### WHAT YOU ARE ASKED TO DO
Would you transcribe each entry precisely as it stands, setting aside any images?
[LISTED ENTRIES — start]
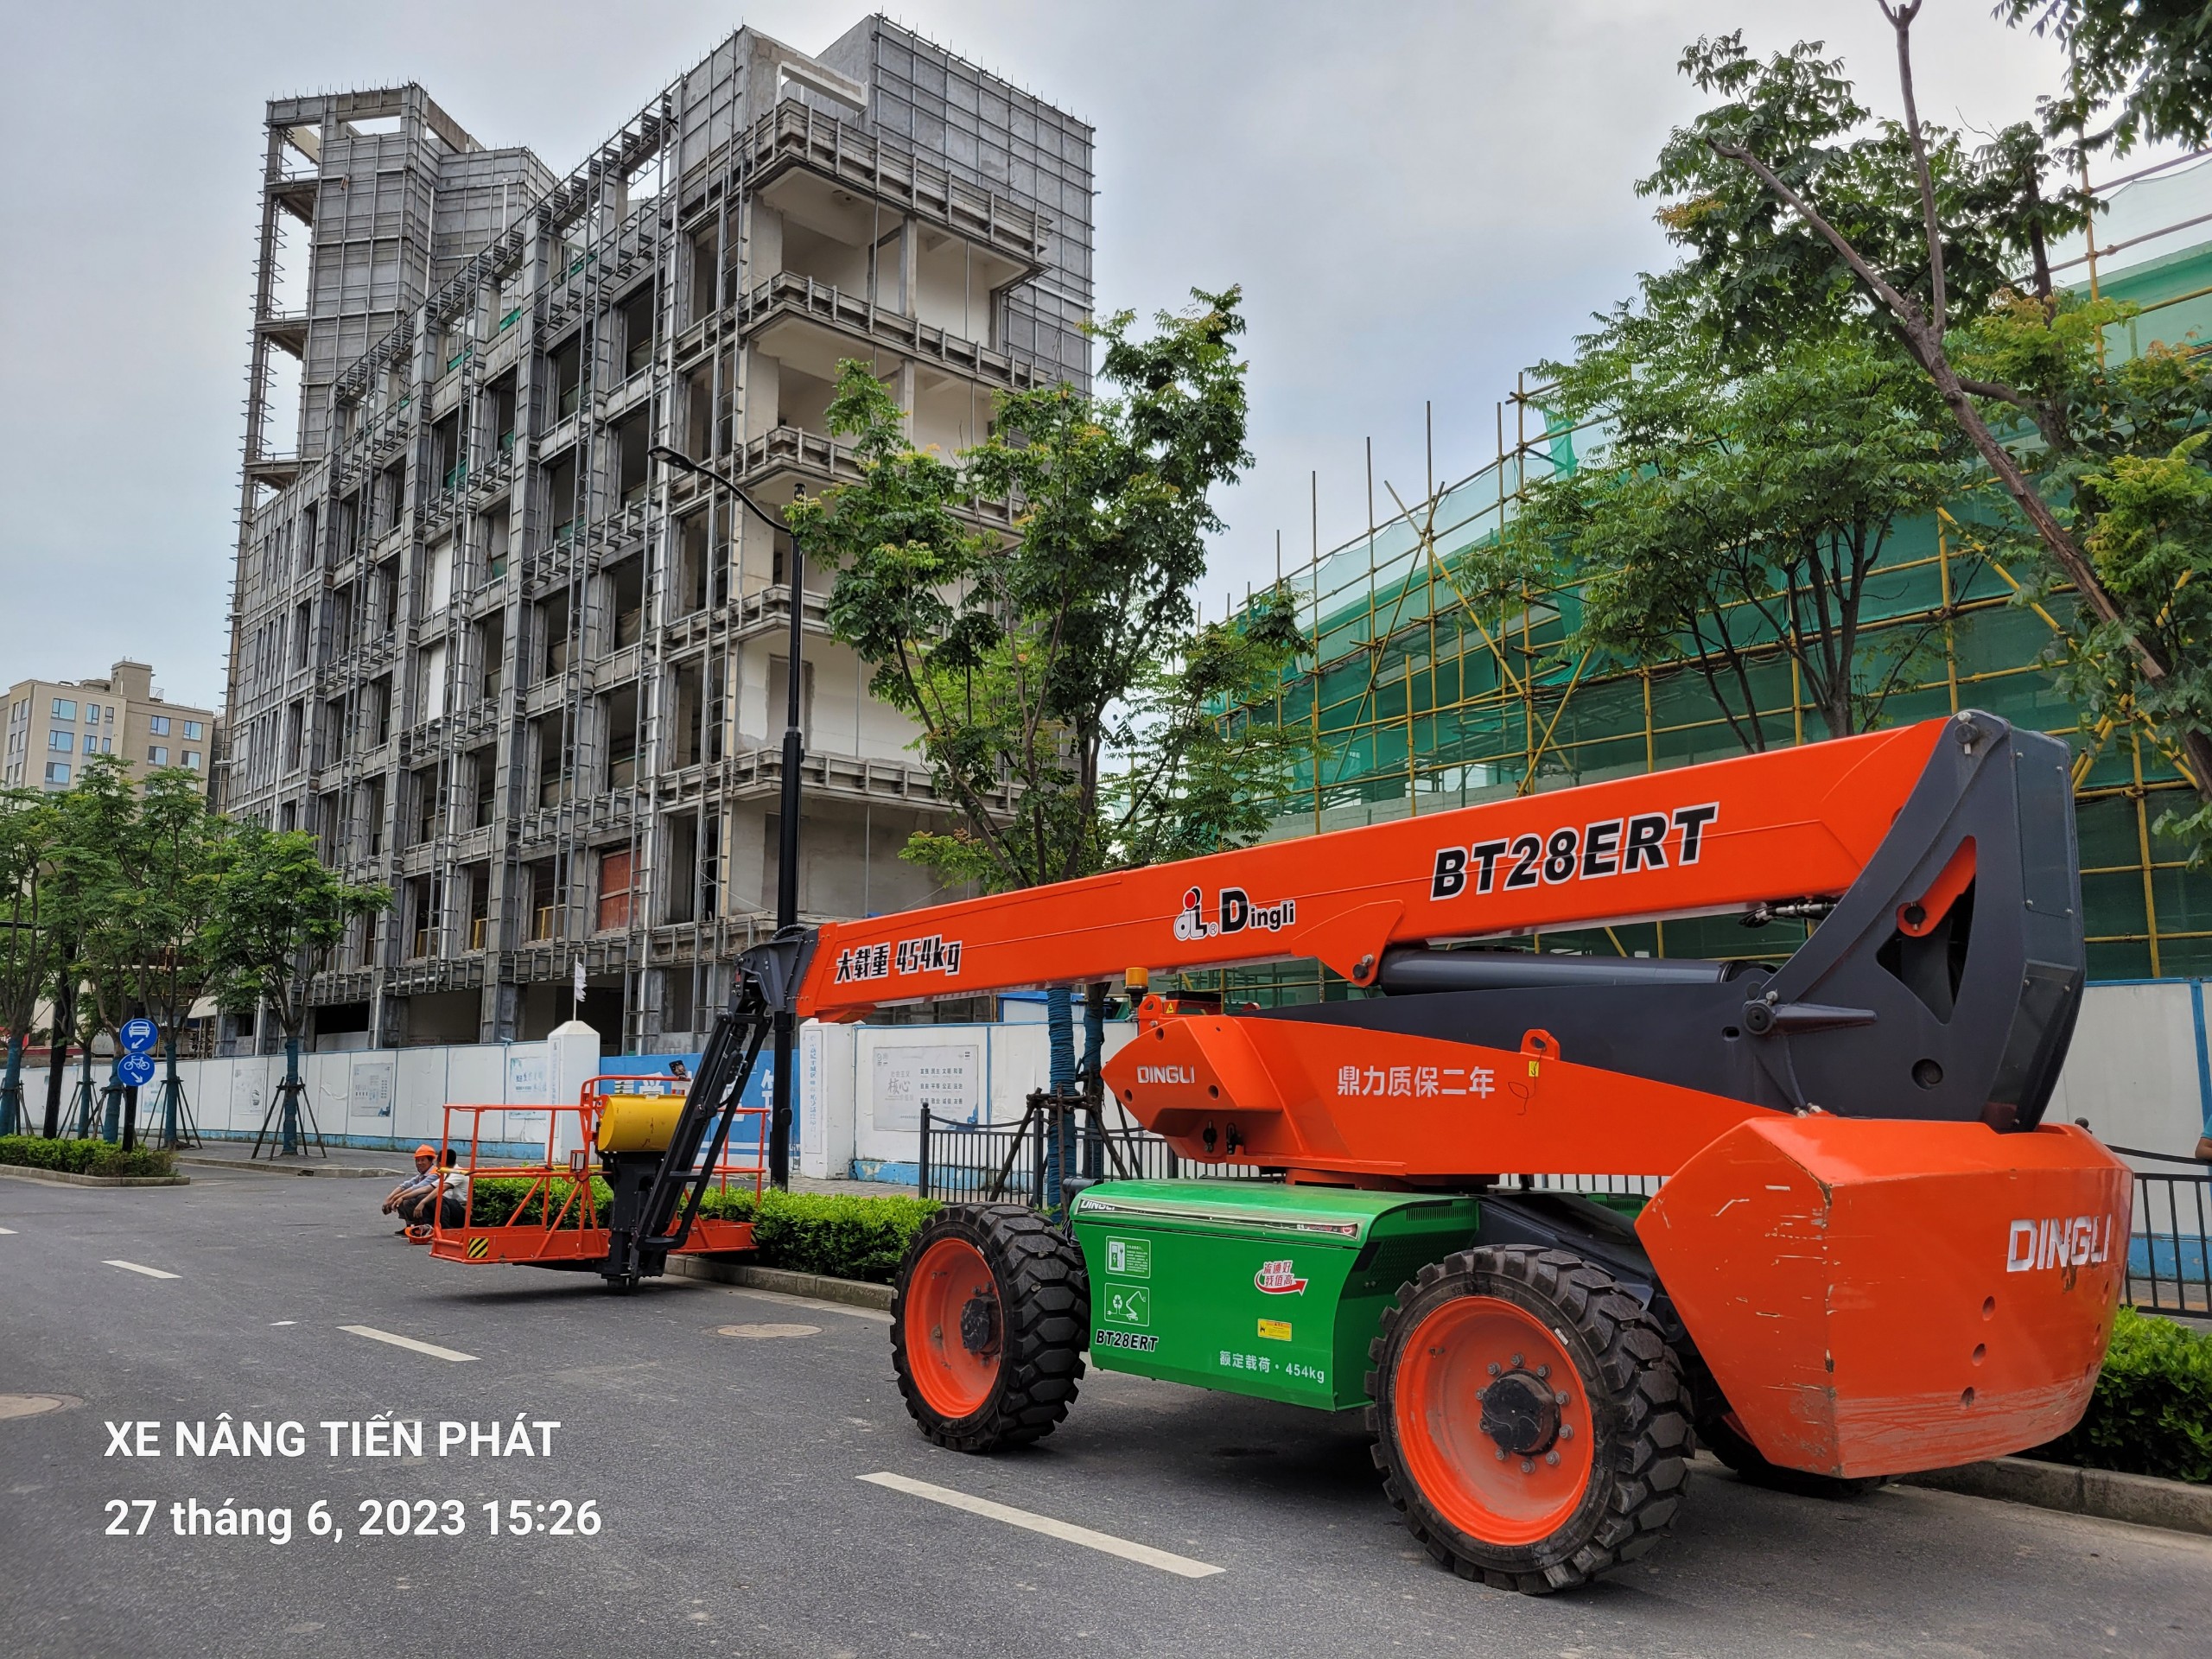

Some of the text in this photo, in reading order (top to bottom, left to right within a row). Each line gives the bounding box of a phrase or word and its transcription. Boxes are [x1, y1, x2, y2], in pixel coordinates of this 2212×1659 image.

[1430, 802, 1719, 901] BT28ERT
[1220, 887, 1295, 932] Dingli
[834, 934, 963, 984] 大载重 454kg
[1137, 1065, 1195, 1084] DINGLI
[1338, 1065, 1495, 1099] 鼎力质保二年
[2006, 1214, 2112, 1272] DINGLI
[1263, 1262, 1292, 1274] 流通好
[1096, 1329, 1159, 1352] BT28ERT
[LISTED ENTRIES — finish]
### SOLUTION FOR THIS TASK
Some of the text in this photo, in reading order (top to bottom, left to right within a row). Each line gives the bounding box of a phrase or word and its transcription. Boxes are [x1, y1, x2, y2], in pixel coordinates of this 2212×1659 image.

[1430, 802, 1719, 901] BT28ERT
[1220, 887, 1295, 932] Dingli
[834, 934, 963, 984] 大载重 454kg
[1137, 1065, 1195, 1084] DINGLI
[1338, 1065, 1495, 1099] 鼎力质保二年
[2006, 1214, 2112, 1272] DINGLI
[1263, 1262, 1292, 1274] 流通好
[1096, 1329, 1159, 1352] BT28ERT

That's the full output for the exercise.